--- START ---
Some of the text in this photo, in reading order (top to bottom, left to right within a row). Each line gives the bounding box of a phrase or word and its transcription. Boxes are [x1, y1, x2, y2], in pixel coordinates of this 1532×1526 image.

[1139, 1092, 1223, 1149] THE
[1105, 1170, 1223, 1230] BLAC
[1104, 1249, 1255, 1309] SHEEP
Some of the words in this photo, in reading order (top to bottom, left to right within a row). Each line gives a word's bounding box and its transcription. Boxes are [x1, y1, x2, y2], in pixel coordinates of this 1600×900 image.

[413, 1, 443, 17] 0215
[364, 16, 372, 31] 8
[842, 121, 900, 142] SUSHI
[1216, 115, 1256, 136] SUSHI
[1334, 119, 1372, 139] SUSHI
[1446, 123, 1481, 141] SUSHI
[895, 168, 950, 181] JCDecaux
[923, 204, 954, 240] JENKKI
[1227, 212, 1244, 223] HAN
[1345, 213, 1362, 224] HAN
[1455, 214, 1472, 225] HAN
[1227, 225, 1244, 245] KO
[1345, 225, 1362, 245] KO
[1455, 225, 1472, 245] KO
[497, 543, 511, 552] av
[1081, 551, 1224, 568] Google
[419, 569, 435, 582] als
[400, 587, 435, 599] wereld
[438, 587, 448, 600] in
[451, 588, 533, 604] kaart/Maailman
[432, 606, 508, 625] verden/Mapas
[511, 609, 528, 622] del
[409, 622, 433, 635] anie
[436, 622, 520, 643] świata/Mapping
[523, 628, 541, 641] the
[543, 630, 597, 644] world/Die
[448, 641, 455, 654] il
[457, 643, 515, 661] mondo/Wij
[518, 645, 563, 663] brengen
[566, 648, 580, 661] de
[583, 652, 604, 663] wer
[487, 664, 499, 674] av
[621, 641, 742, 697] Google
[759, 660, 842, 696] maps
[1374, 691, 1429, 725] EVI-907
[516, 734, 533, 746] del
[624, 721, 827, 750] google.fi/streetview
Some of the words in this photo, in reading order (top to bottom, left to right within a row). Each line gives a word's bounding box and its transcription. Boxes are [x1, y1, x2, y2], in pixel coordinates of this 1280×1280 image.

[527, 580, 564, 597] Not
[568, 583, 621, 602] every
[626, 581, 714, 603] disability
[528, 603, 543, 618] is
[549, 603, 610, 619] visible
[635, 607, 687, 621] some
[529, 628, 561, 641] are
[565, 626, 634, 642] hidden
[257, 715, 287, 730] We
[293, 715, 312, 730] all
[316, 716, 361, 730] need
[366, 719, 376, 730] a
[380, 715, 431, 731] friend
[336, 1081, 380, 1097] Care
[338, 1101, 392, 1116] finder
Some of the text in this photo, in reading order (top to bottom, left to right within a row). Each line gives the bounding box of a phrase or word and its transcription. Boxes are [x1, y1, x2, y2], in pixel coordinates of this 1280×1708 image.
--- END ---
» **WHAT TO PRODUCE**
What you return must match the data word for word.

» **SOLUTION FOR THIS PROBLEM**
Some of the text in this photo, in reading order (top to bottom, left to right within a row). Each line gives the bounding box of a phrase or word and its transcription. Boxes are [x1, y1, x2, y2], in pixel coordinates of this 1532×1526 image.

[1139, 1092, 1223, 1149] THE
[1105, 1170, 1223, 1230] BLAC
[1104, 1249, 1255, 1309] SHEEP
Some of the words in this photo, in reading order (top to bottom, left to right within a row). Each line gives a word's bounding box and its transcription. Boxes are [x1, y1, x2, y2], in pixel coordinates of this 1600×900 image.

[413, 1, 443, 17] 0215
[364, 16, 372, 31] 8
[842, 121, 900, 142] SUSHI
[1216, 115, 1256, 136] SUSHI
[1334, 119, 1372, 139] SUSHI
[1446, 123, 1481, 141] SUSHI
[895, 168, 950, 181] JCDecaux
[923, 204, 954, 240] JENKKI
[1227, 212, 1244, 223] HAN
[1345, 213, 1362, 224] HAN
[1455, 214, 1472, 225] HAN
[1227, 225, 1244, 245] KO
[1345, 225, 1362, 245] KO
[1455, 225, 1472, 245] KO
[497, 543, 511, 552] av
[1081, 551, 1224, 568] Google
[419, 569, 435, 582] als
[400, 587, 435, 599] wereld
[438, 587, 448, 600] in
[451, 588, 533, 604] kaart/Maailman
[432, 606, 508, 625] verden/Mapas
[511, 609, 528, 622] del
[409, 622, 433, 635] anie
[436, 622, 520, 643] świata/Mapping
[523, 628, 541, 641] the
[543, 630, 597, 644] world/Die
[448, 641, 455, 654] il
[457, 643, 515, 661] mondo/Wij
[518, 645, 563, 663] brengen
[566, 648, 580, 661] de
[583, 652, 604, 663] wer
[487, 664, 499, 674] av
[621, 641, 742, 697] Google
[759, 660, 842, 696] maps
[1374, 691, 1429, 725] EVI-907
[516, 734, 533, 746] del
[624, 721, 827, 750] google.fi/streetview
Some of the words in this photo, in reading order (top to bottom, left to right within a row). Each line gives a word's bounding box and its transcription. Boxes are [x1, y1, x2, y2], in pixel coordinates of this 1280×1280 image.

[527, 580, 564, 597] Not
[568, 583, 621, 602] every
[626, 581, 714, 603] disability
[528, 603, 543, 618] is
[549, 603, 610, 619] visible
[635, 607, 687, 621] some
[529, 628, 561, 641] are
[565, 626, 634, 642] hidden
[257, 715, 287, 730] We
[293, 715, 312, 730] all
[316, 716, 361, 730] need
[366, 719, 376, 730] a
[380, 715, 431, 731] friend
[336, 1081, 380, 1097] Care
[338, 1101, 392, 1116] finder
Some of the text in this photo, in reading order (top to bottom, left to right within a row). Each line gives the bounding box of a phrase or word and its transcription. Boxes are [x1, y1, x2, y2], in pixel coordinates of this 1280×1708 image.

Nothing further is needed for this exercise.